'''
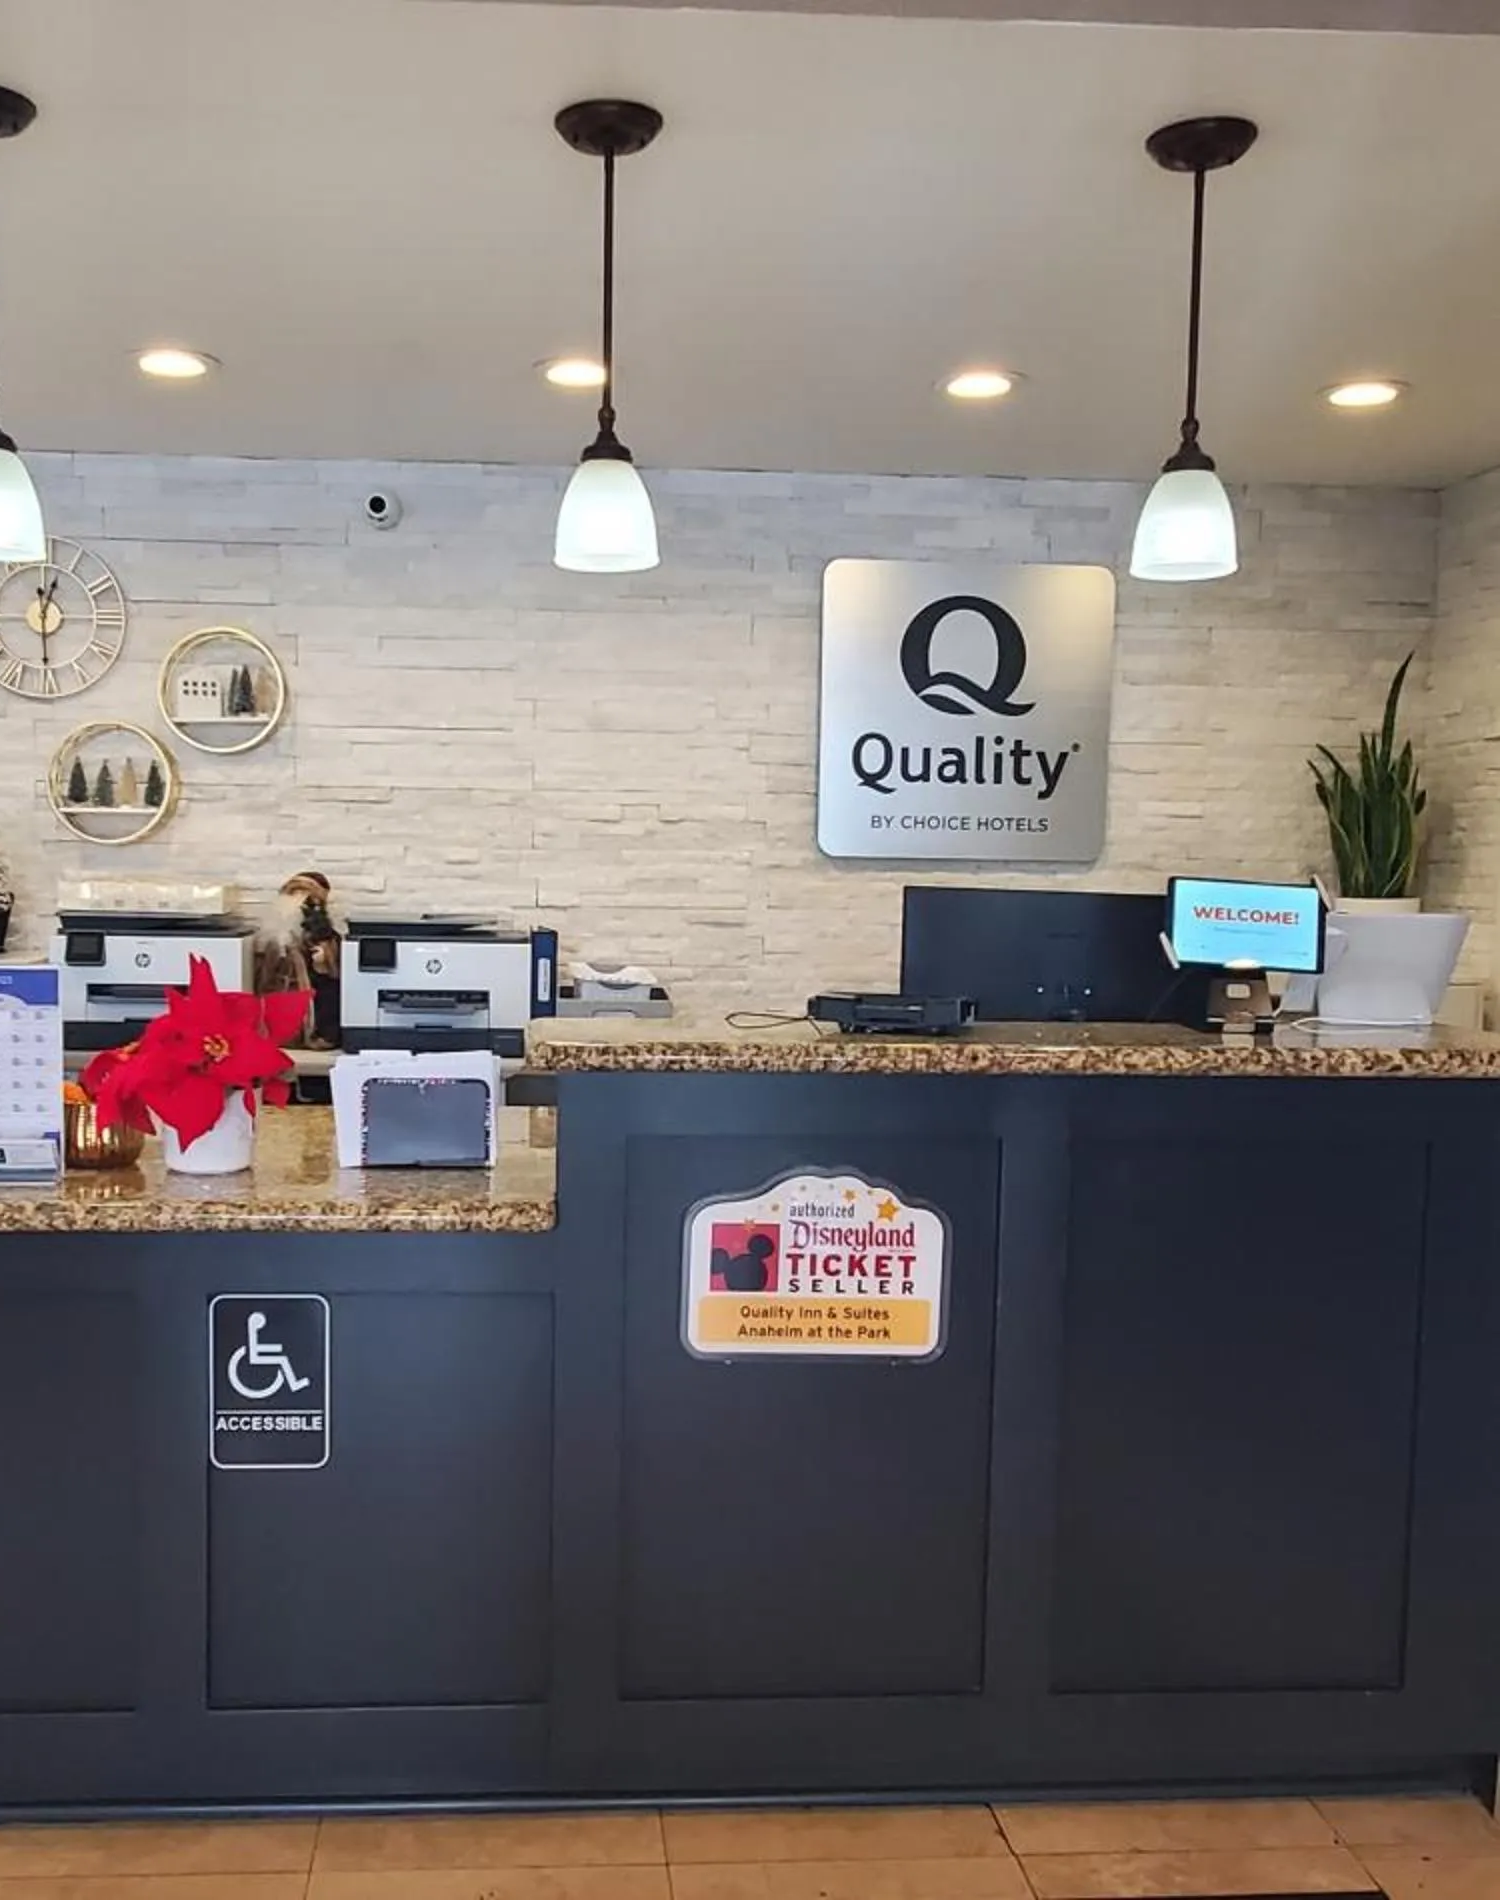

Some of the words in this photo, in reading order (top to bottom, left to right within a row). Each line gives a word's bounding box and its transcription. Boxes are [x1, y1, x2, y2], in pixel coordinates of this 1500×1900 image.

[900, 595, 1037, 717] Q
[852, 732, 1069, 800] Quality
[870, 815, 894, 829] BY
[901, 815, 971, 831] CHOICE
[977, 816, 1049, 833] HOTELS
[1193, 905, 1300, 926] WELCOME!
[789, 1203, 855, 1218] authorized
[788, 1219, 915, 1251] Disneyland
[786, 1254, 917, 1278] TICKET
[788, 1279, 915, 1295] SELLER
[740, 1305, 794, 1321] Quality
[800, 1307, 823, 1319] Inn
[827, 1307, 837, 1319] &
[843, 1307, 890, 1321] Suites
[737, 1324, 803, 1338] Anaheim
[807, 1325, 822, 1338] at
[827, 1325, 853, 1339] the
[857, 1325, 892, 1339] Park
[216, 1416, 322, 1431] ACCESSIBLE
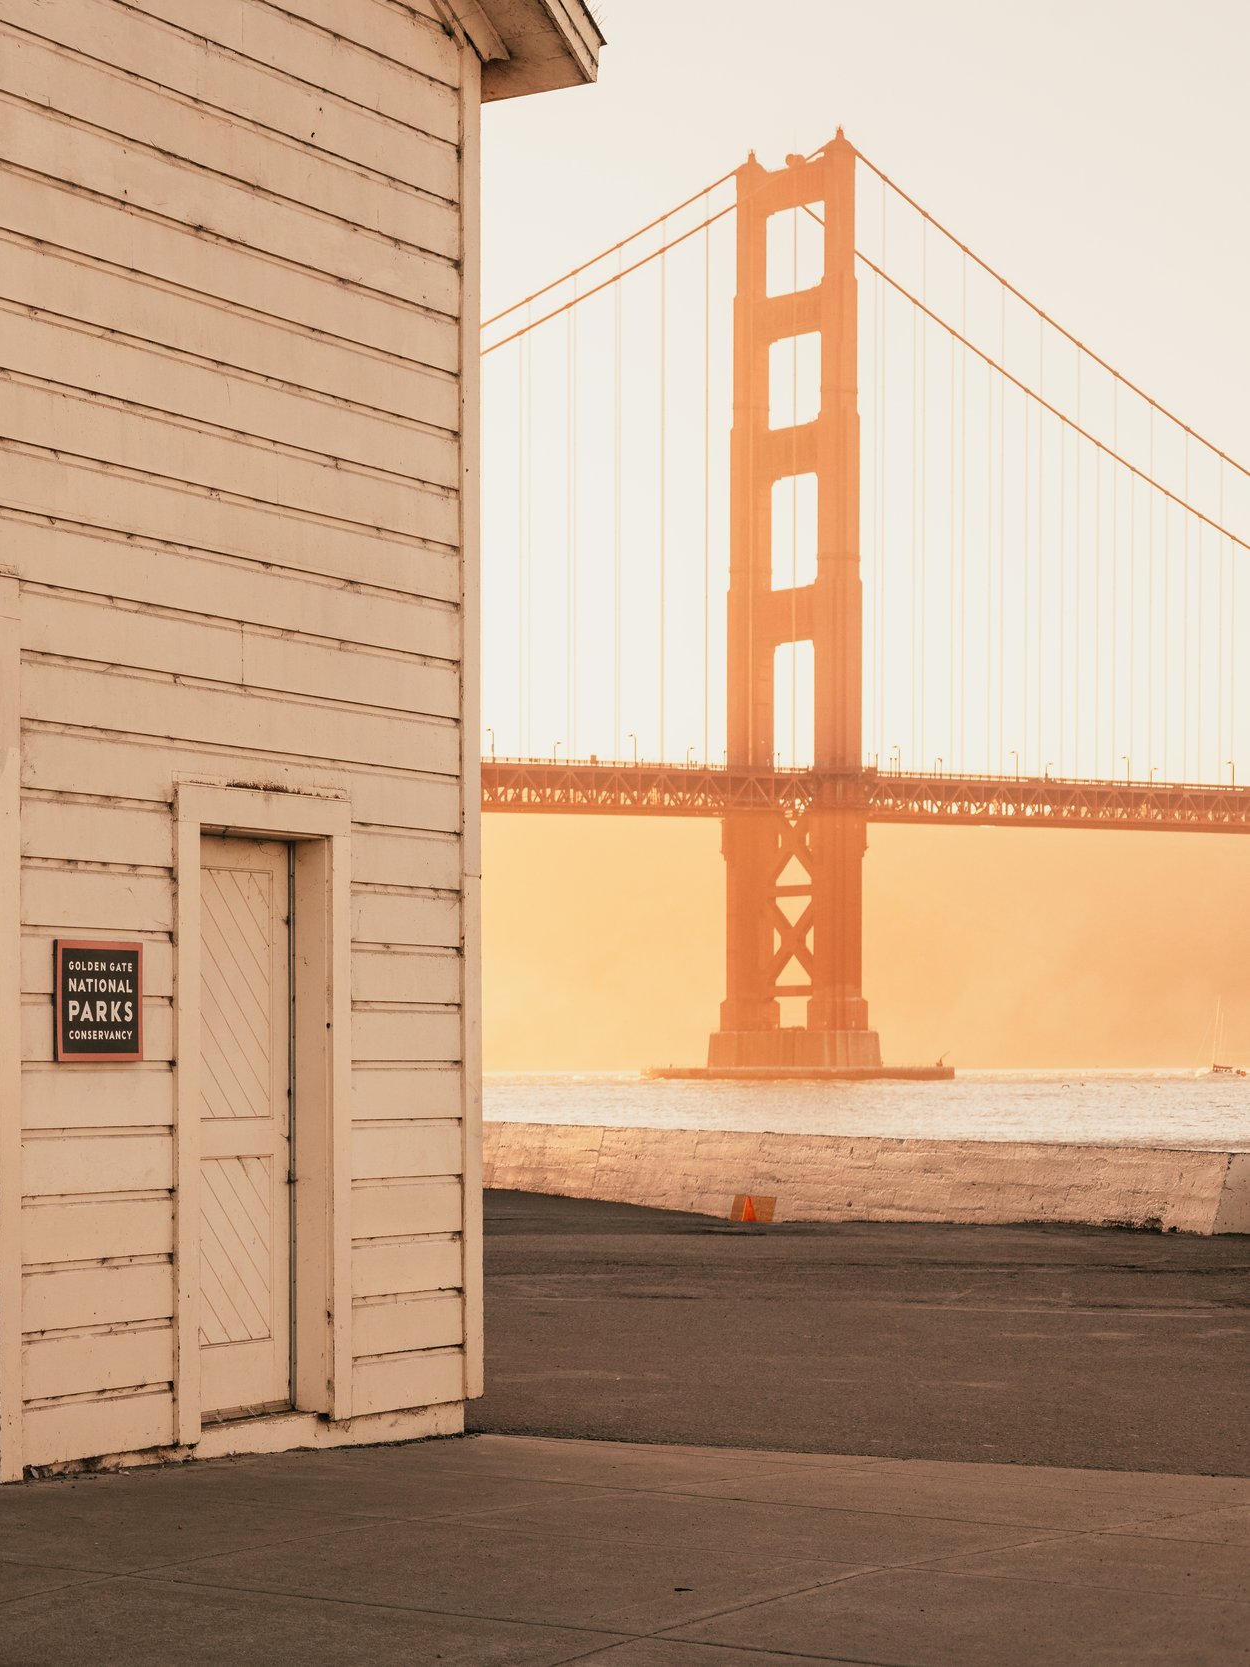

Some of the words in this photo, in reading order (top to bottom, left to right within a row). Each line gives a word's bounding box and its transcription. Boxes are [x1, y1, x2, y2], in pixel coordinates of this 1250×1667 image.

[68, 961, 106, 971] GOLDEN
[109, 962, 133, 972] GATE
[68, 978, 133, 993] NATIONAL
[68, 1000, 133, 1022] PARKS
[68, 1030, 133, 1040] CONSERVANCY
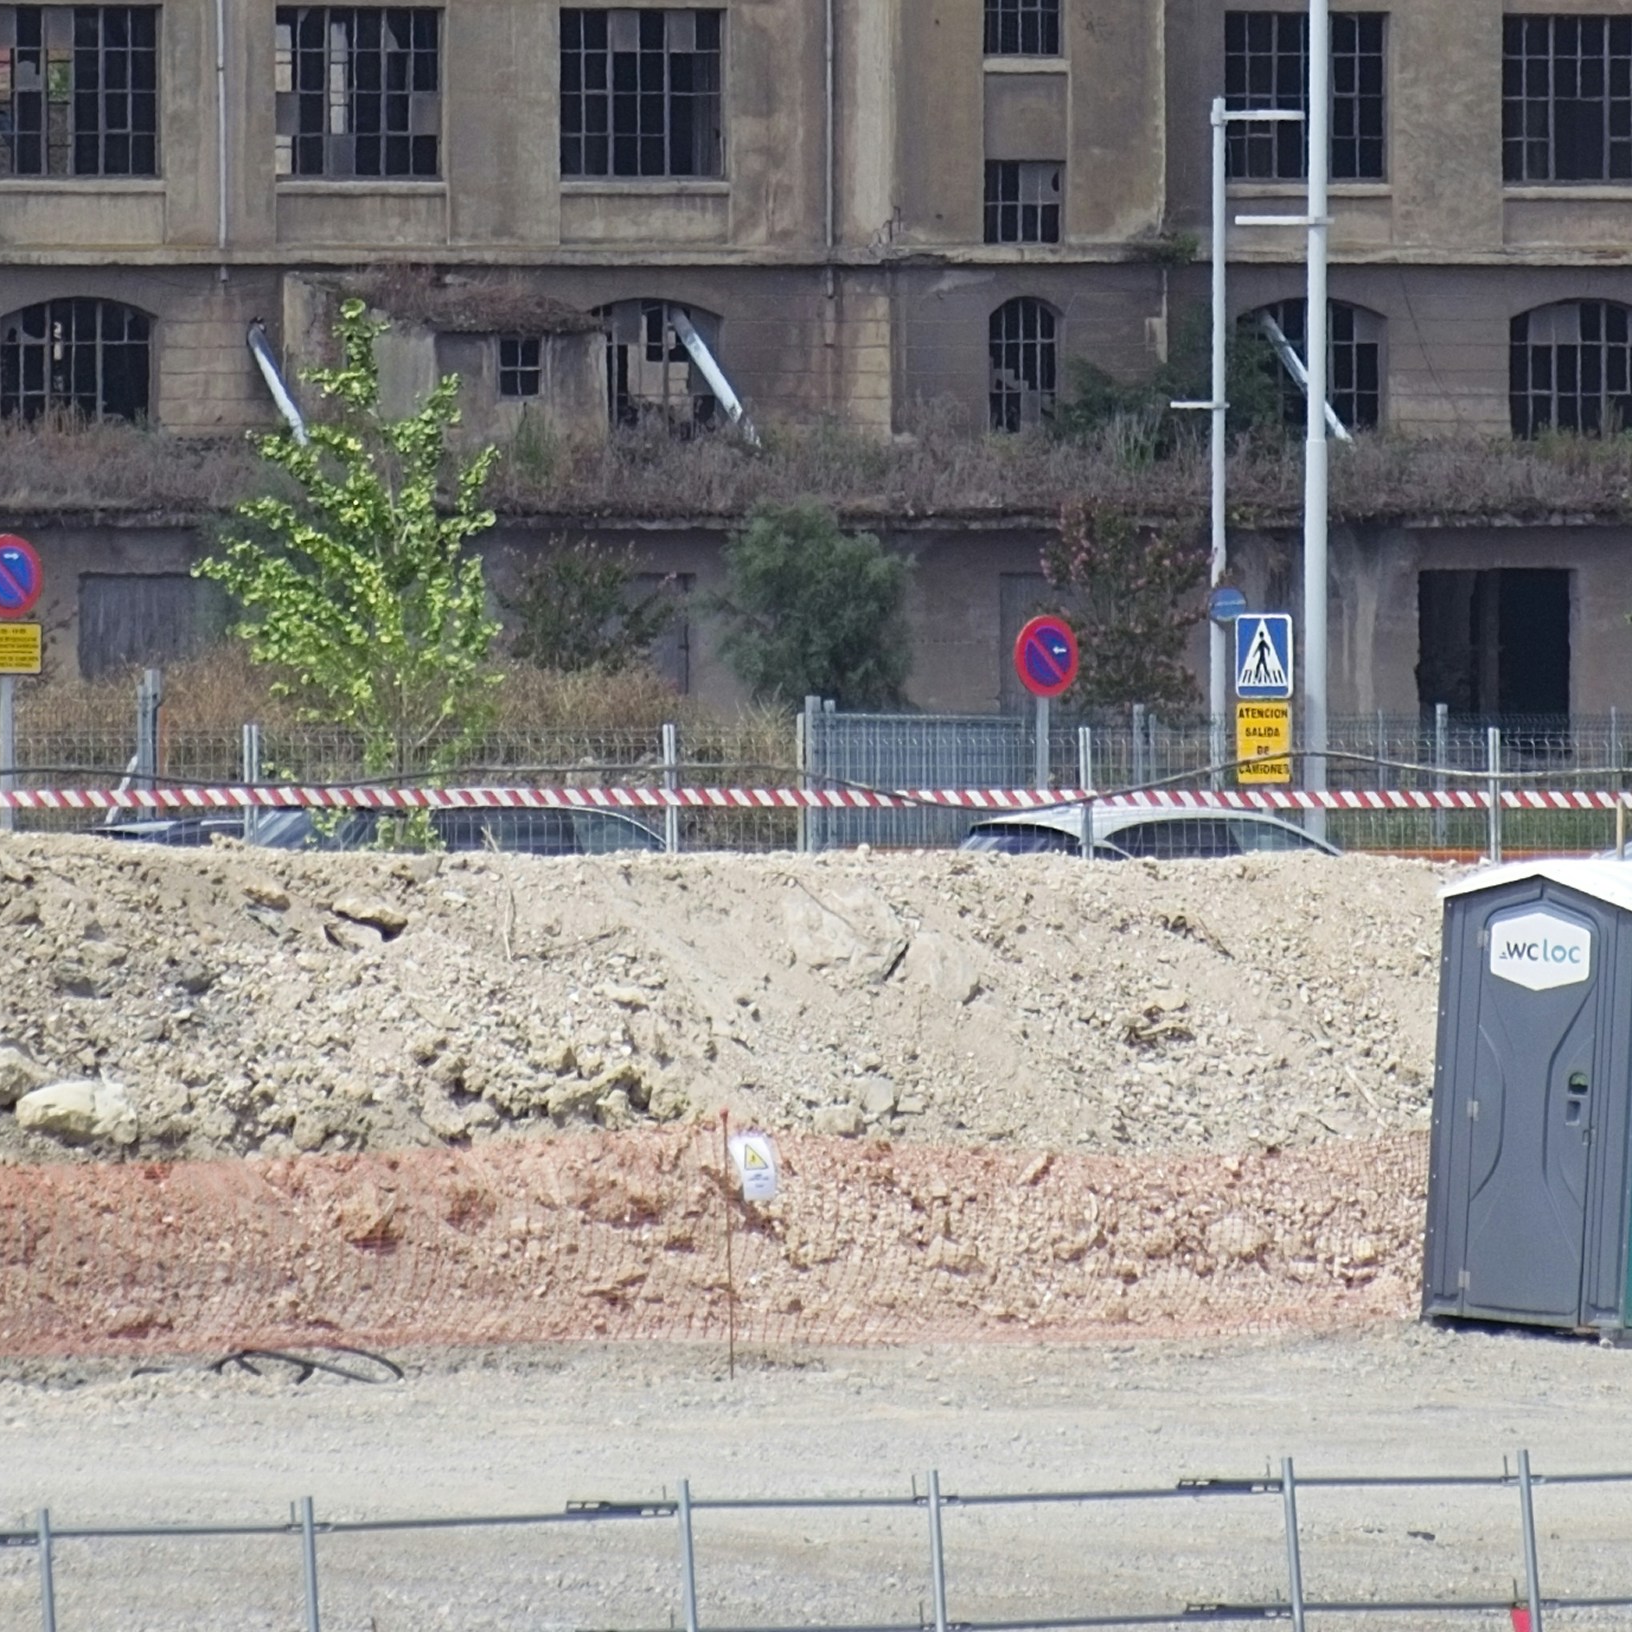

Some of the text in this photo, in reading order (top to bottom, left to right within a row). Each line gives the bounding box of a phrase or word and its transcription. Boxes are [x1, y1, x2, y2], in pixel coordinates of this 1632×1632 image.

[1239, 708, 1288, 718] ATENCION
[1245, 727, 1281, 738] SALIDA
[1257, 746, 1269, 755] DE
'''
■ INSTRUCTIONS TO FOLLOW: No images belong in the copy. Transcribe every record exactly.

■ TASK OUTPUT:
Some of the words in this photo, in reading order (top to bottom, left to right within a row). Each line gives a word's bounding box and its transcription. Boxes are [x1, y1, x2, y2], in pixel coordinates of this 1500×1900 image.

[900, 595, 1037, 717] Q
[852, 732, 1069, 800] Quality
[870, 815, 894, 829] BY
[901, 815, 971, 831] CHOICE
[977, 816, 1049, 833] HOTELS
[1193, 905, 1300, 926] WELCOME!
[789, 1203, 855, 1218] authorized
[788, 1219, 915, 1251] Disneyland
[786, 1254, 917, 1278] TICKET
[788, 1279, 915, 1295] SELLER
[740, 1305, 794, 1321] Quality
[800, 1307, 823, 1319] Inn
[827, 1307, 837, 1319] &
[843, 1307, 890, 1321] Suites
[737, 1324, 803, 1338] Anaheim
[807, 1325, 822, 1338] at
[827, 1325, 853, 1339] the
[857, 1325, 892, 1339] Park
[216, 1416, 322, 1431] ACCESSIBLE

Some of the words in this photo, in reading order (top to bottom, left to right within a row). Each line gives a word's bounding box and its transcription. Boxes are [x1, y1, x2, y2], in pixel coordinates of this 1250×1667 image.

[68, 961, 106, 971] GOLDEN
[109, 962, 133, 972] GATE
[68, 978, 133, 993] NATIONAL
[68, 1000, 133, 1022] PARKS
[68, 1030, 133, 1040] CONSERVANCY

Some of the text in this photo, in reading order (top to bottom, left to right within a row). Each line gives the bounding box of a phrase or word and its transcription. Boxes are [x1, y1, x2, y2], in pixel coordinates of this 1632×1632 image.

[1239, 708, 1288, 718] ATENCION
[1245, 727, 1281, 738] SALIDA
[1257, 746, 1269, 755] DE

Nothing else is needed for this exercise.